UNITED STATES DISTRICT COURT SOUTHERN DISTRICT OF OHIO WESTERN DIVISION
Jun 16, 2020
Case No. 1:19-cv-657 (S.D. Ohio Jun. 16, 2020)

Opinion

Case No. 1:19-cv-657

06-16-2020

DANIEL G. PAYTON, Petitioner, v. WARDEN, CHILLICOTHE CORRECTIONAL INSTITUTION, Respondent.


Barrett, J.

REPORT AND RECOMMENDATION

Petitioner, an inmate in state custody at the Chillicothe Correctional Institution, has filed a pro se petition for a writ of habeas corpus pursuant to 28 U.S.C. § 2254. (Doc. 3). This matter is before the Court on respondent's motion to dismiss (Doc. 10), to which petitioner has not responded. For the reasons stated below, the undersigned recommends that the petition be dismissed because it is time-barred pursuant to 28 U.S.C. § 2241(d)(1).

I. PROCEDURAL HISTORY

State Trial Proceedings

On April 24, 2004, the Scioto County, Ohio, grand jury returned a two-count indictment charging petitioner with one count of aggravated murder and one count of rape. (Doc. 9, Ex. 1). The aggravated murder charge included two specifications.

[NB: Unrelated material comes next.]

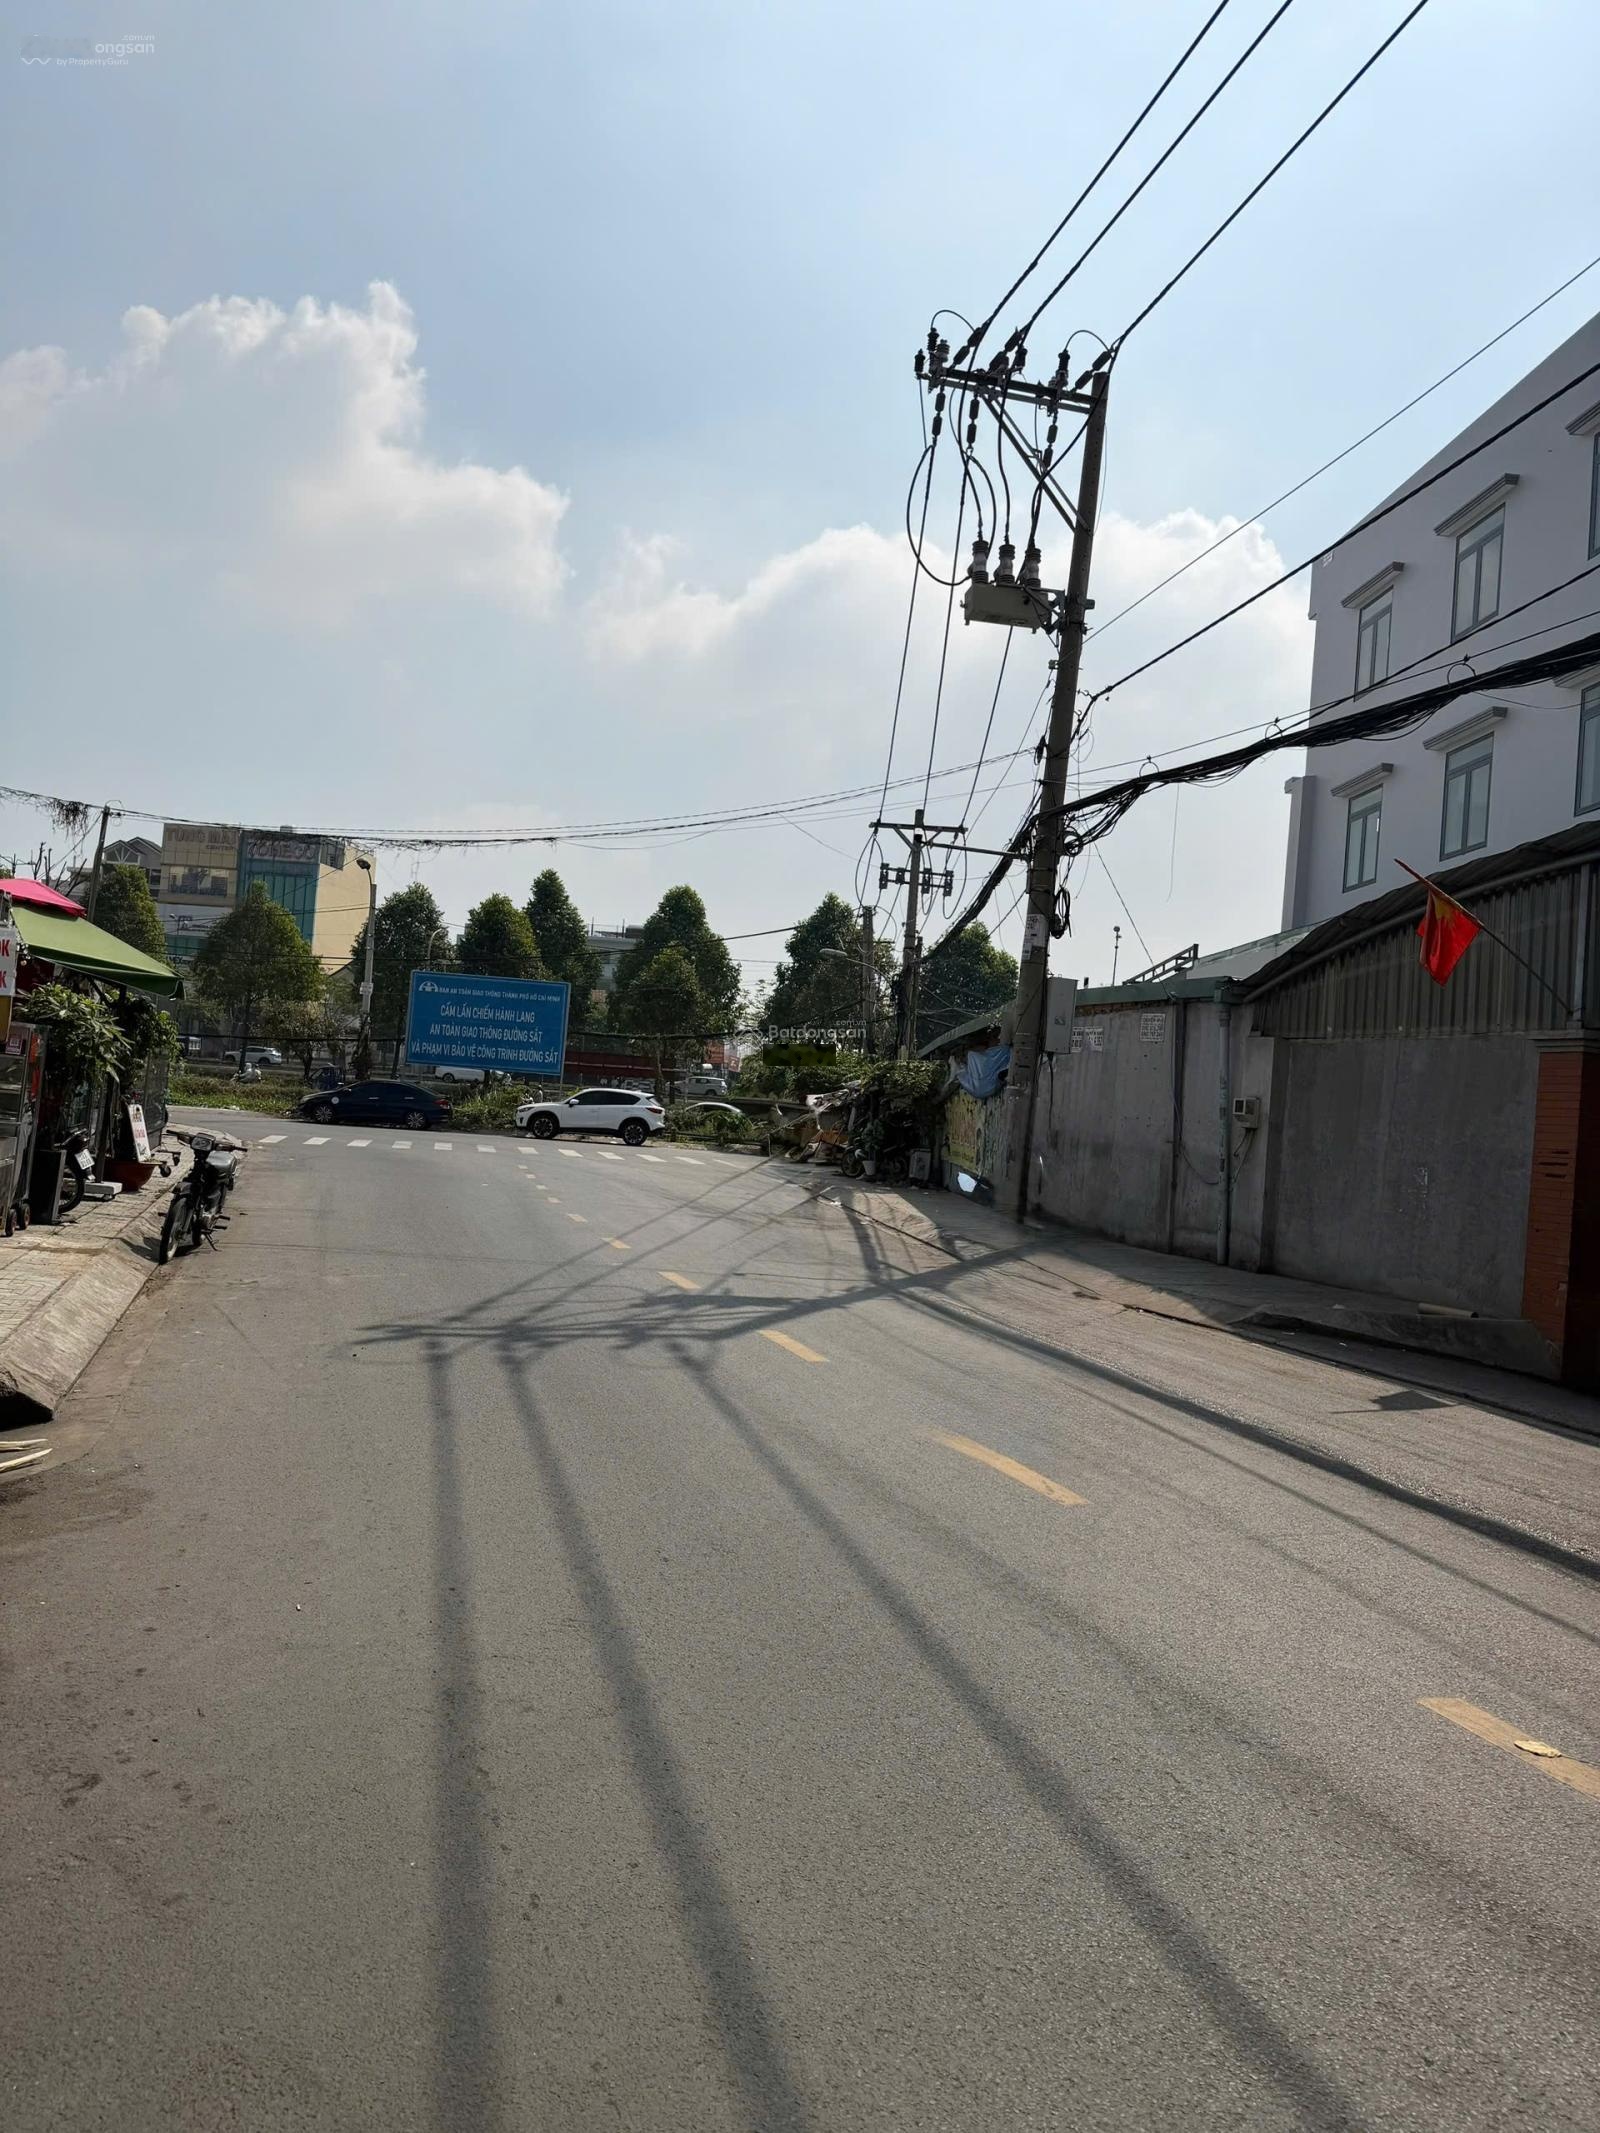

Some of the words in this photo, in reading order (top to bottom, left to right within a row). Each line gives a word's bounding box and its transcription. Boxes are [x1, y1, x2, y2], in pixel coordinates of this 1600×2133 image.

Petitioner, through counsel, initially entered a not-guilty plea. (Doc. 9, Ex. 2). Petitioner subsequently withdrew his original plea and pled guilty to both counts. (Doc. 9, Ex. 5). The plea agreement specified that "the State of Ohio will recommend that [the trial] Court dismiss the specification to Count 1—the capital specification—in violation of R.C. § 2929.04(A)(7)" if the trial court accepted his guilty plea. (Id.). The agreement further specified that the State and the defense would recommend a sentence of twenty years to life on Count One and a consecutive sentence of nine years on Count Two. (Id.). The twenty-nine year sentence would be recommended to run consecutively to a thirty-years to life sentence imposed in a separate criminal action. On October 27, 2005, the trial court accepted petitioner's guilty plea and imposed the agreed total aggregate prison sentence of twenty-nine years to life in the Ohio Department of Corrections. (Doc. 9, Ex. 6, 7).

Post-Conviction Motion

On November 9, 2016, more than eleven years later, petitioner filed a pro se motion to correct his sentence in the trial court. (Doc. 9, Ex. 8). Petitioner indicated that he was not challenging his convictions or guilty plea. (Id. at PageID 184). Petitioner argued that there was no agreed upon sentence and that the trial court failed to make necessary findings to impose consecutive sentences. (Id. at PageID 184-90). The trial court denied the motion on February 7, 2017. (Doc. 9, Ex. 9).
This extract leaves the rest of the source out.